Referring expression grounding data:
========

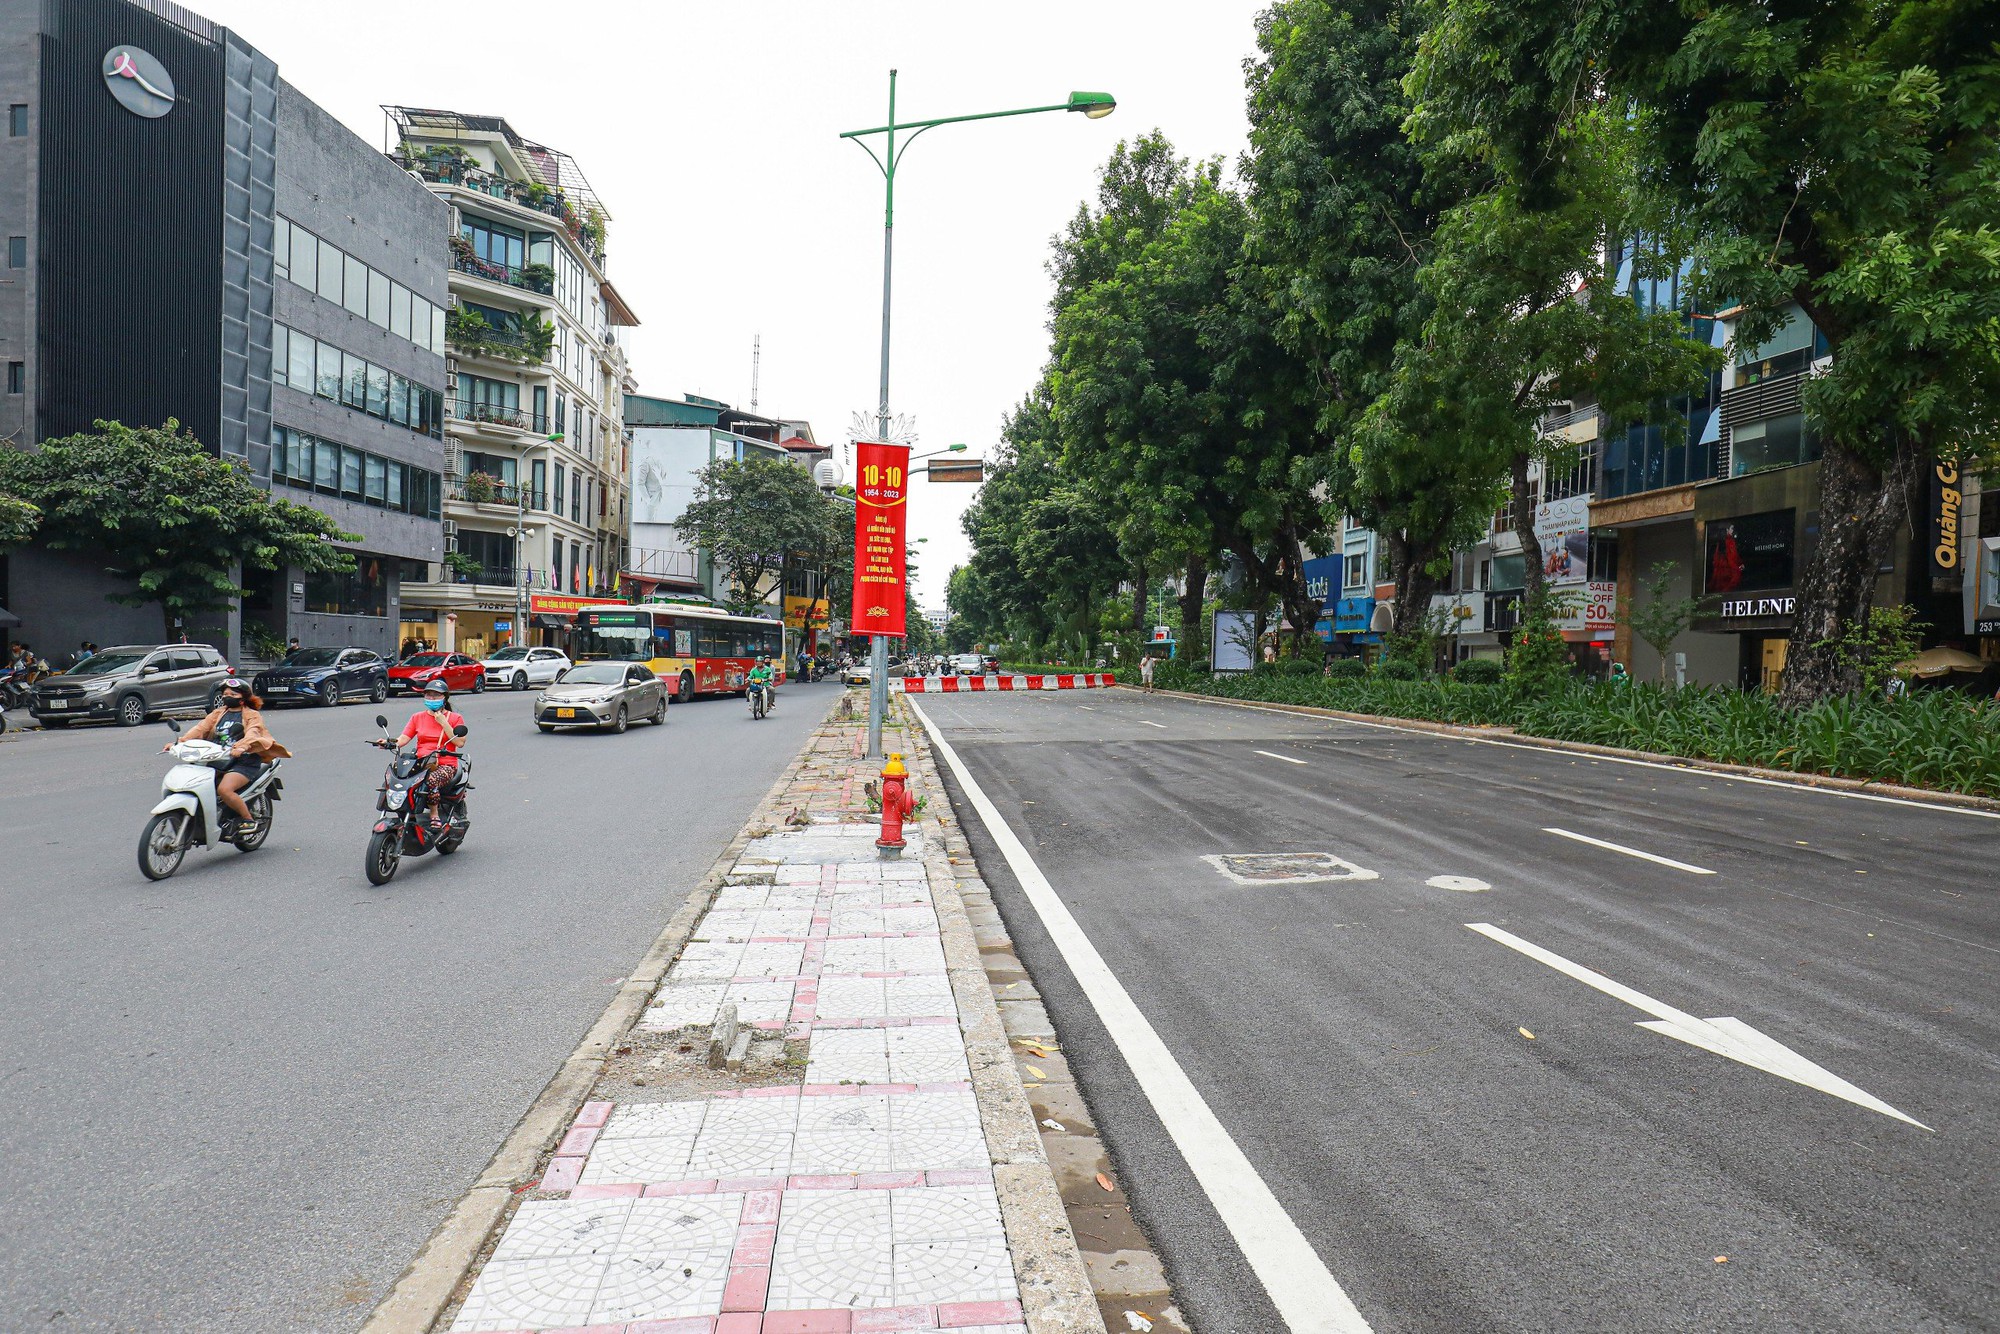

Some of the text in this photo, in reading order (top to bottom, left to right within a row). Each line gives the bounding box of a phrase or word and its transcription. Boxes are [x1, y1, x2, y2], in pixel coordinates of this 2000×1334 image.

[865, 489, 879, 497] 1954
[883, 490, 899, 498] 2023
[1935, 487, 1962, 568] Quảng
[1589, 583, 1614, 592] SALE
[1594, 594, 1614, 603] OFF
[1721, 597, 1796, 617] HELENE
[1979, 622, 1993, 632] 253
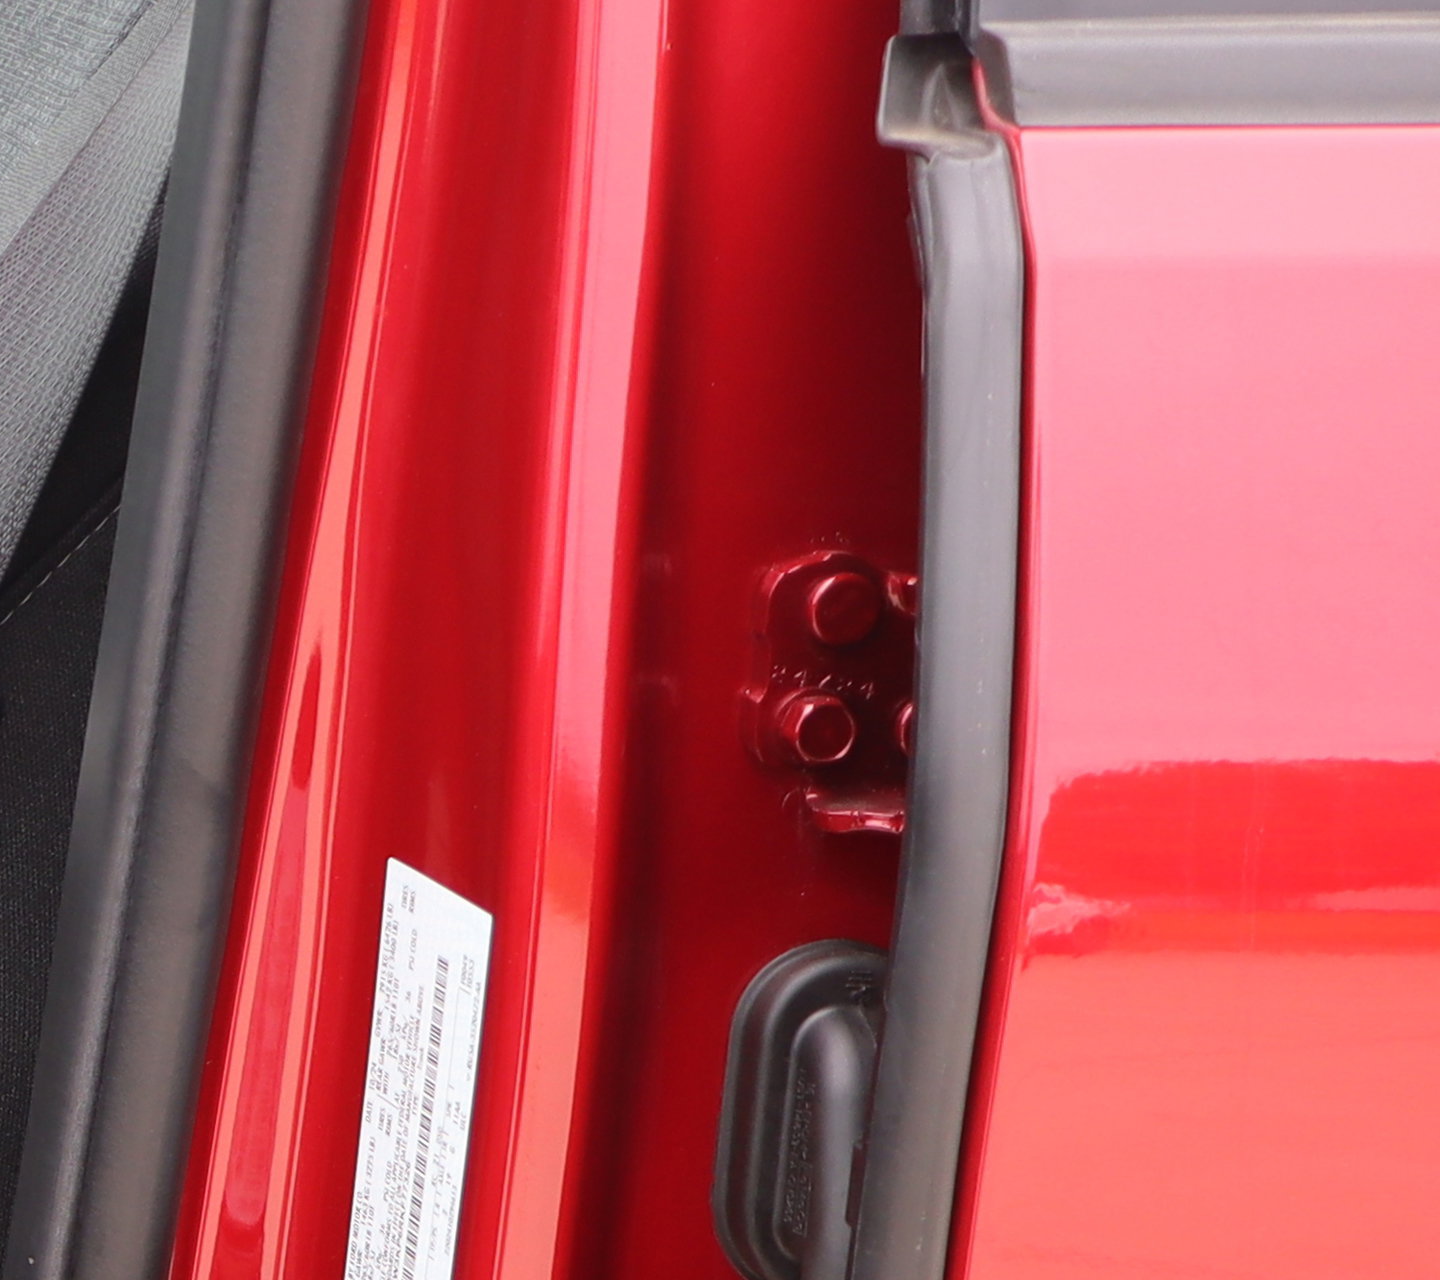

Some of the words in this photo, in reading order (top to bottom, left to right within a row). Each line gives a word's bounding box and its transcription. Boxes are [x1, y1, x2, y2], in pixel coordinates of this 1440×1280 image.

[375, 1065, 383, 1091] REAR
[381, 1070, 389, 1096] WITH
[404, 1054, 416, 1123] MANUFACTURE
[412, 1016, 420, 1053] SHOWN
[382, 1216, 392, 1269] CONFORMS
[391, 1129, 402, 1183] APPLICABLE
[402, 1052, 410, 1087] MOTOR
[406, 1013, 415, 1051] VEHICLE
[352, 1204, 360, 1240] MOTOR
[349, 1239, 357, 1266] FORD
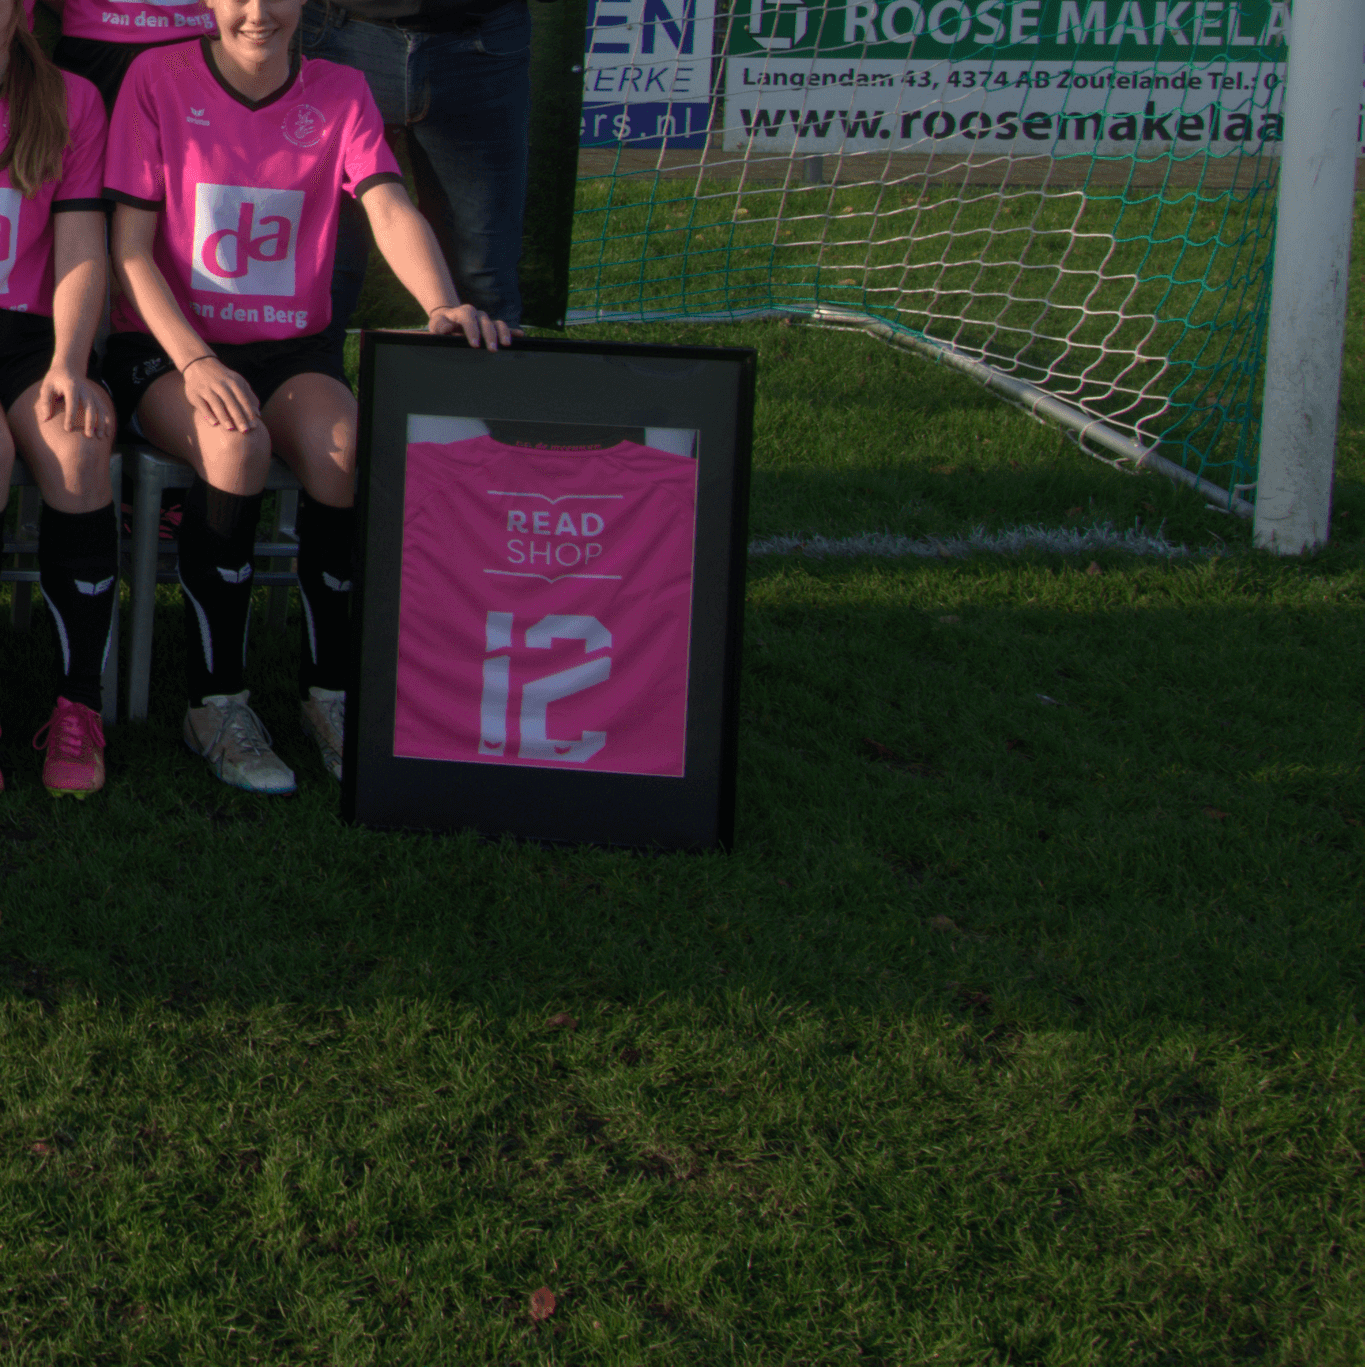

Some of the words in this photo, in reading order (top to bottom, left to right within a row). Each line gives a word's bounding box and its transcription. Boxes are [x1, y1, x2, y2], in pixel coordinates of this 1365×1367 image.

[102, 12, 130, 25] van
[134, 11, 168, 27] den
[173, 12, 214, 30] Berg
[742, 67, 894, 91] Langendam
[901, 70, 940, 90] 43,
[947, 70, 1009, 88] 4374
[1015, 70, 1050, 89] AB
[1056, 71, 1202, 90] Zoutelande
[202, 203, 291, 279] da
[189, 300, 214, 318] an
[220, 302, 258, 322] den
[263, 305, 308, 329] Berg
[507, 508, 605, 537] READ
[507, 538, 604, 566] SHOP
[478, 610, 613, 763] 12
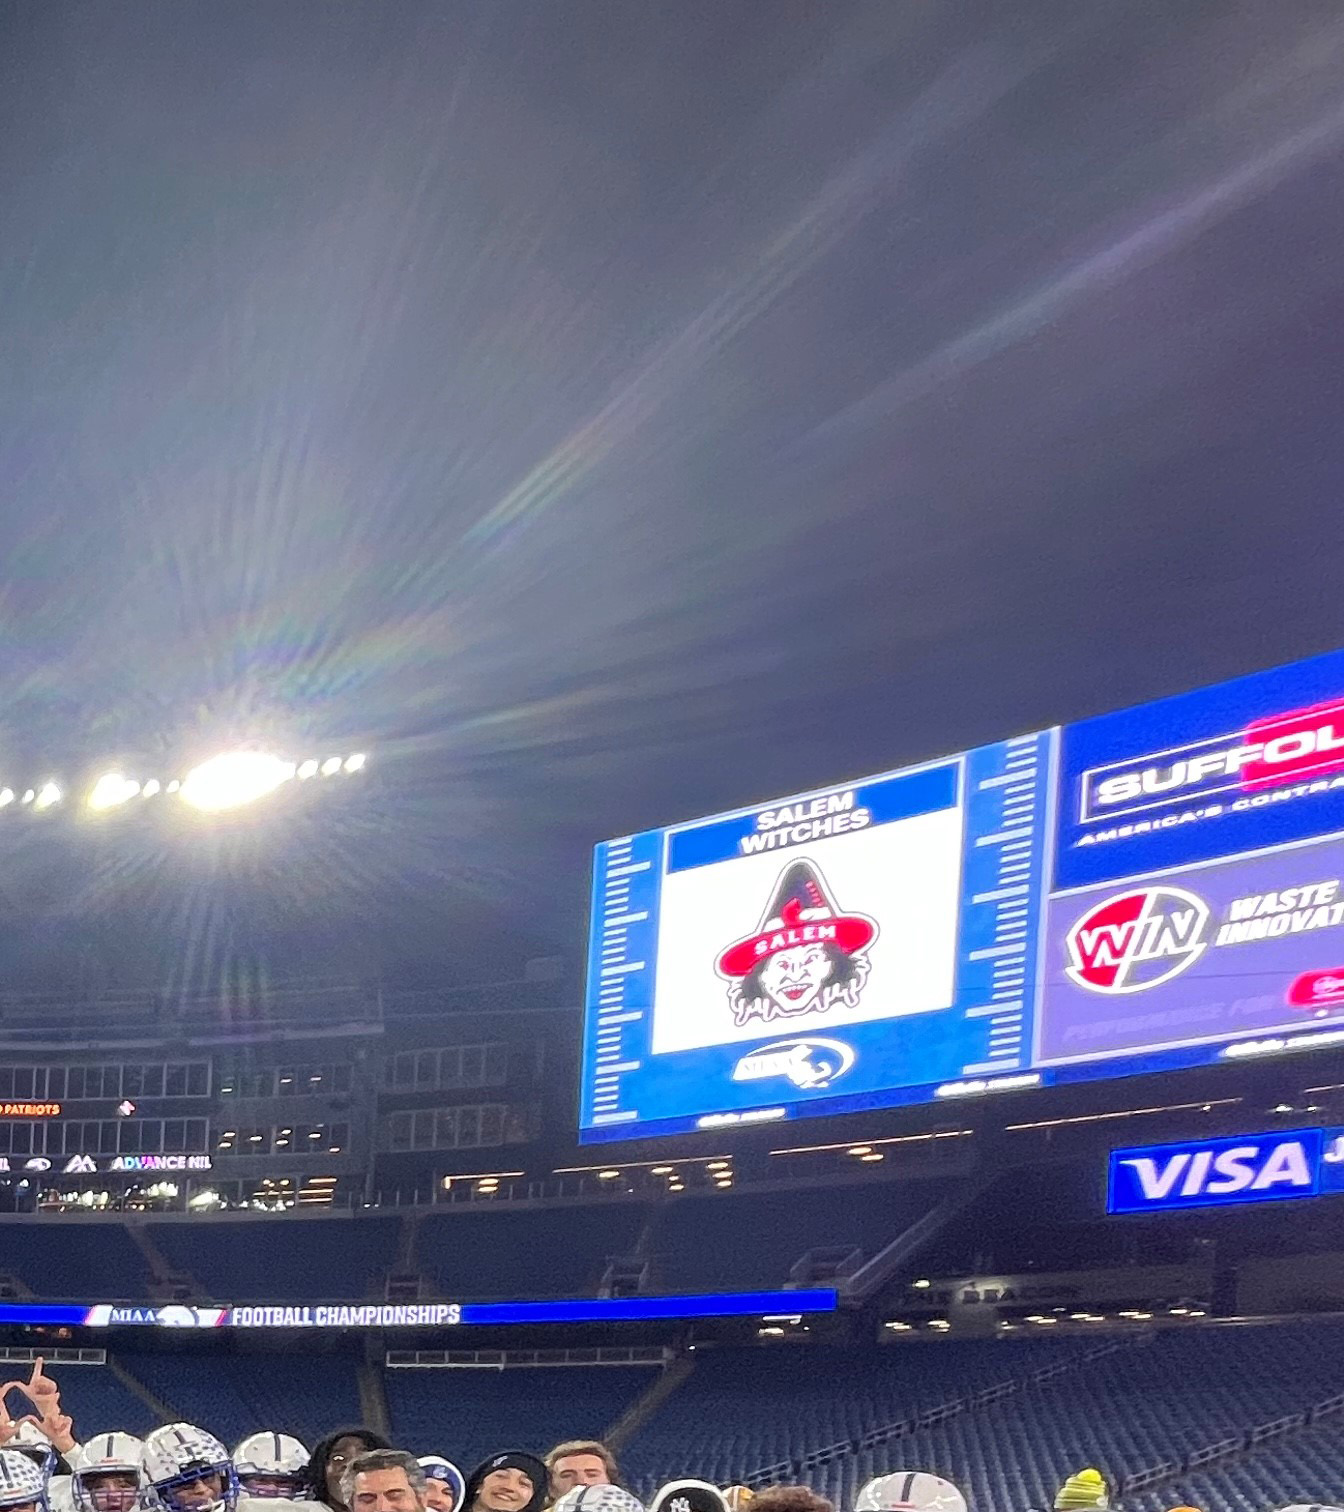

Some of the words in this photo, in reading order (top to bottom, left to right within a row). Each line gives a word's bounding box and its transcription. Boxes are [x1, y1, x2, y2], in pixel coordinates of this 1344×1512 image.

[757, 792, 853, 830] SALEM
[1076, 806, 1223, 847] AMERICA'S
[741, 809, 869, 853] WITCHES
[1230, 880, 1339, 921] WASTE
[755, 925, 836, 954] SALEM
[5, 1104, 60, 1115] PATRIOTS
[113, 1156, 185, 1170] ADVANCE
[188, 1155, 212, 1169] NIL
[1120, 1142, 1311, 1199] VISA
[112, 1308, 155, 1322] MIAA
[232, 1306, 312, 1326] FOOTBALL
[315, 1303, 460, 1326] CHAMPIONSHIPS

========

__PROBLEM__. Please transcribe the lines from the one containing "this 1344×1512 image." through the last line of the records. Include both ends and nothing else.

__OUTPUT FOR THIS EXERCISE__.
Some of the words in this photo, in reading order (top to bottom, left to right within a row). Each line gives a word's bounding box and its transcription. Boxes are [x1, y1, x2, y2], in pixel coordinates of this 1344×1512 image.

[757, 792, 853, 830] SALEM
[1076, 806, 1223, 847] AMERICA'S
[741, 809, 869, 853] WITCHES
[1230, 880, 1339, 921] WASTE
[755, 925, 836, 954] SALEM
[5, 1104, 60, 1115] PATRIOTS
[113, 1156, 185, 1170] ADVANCE
[188, 1155, 212, 1169] NIL
[1120, 1142, 1311, 1199] VISA
[112, 1308, 155, 1322] MIAA
[232, 1306, 312, 1326] FOOTBALL
[315, 1303, 460, 1326] CHAMPIONSHIPS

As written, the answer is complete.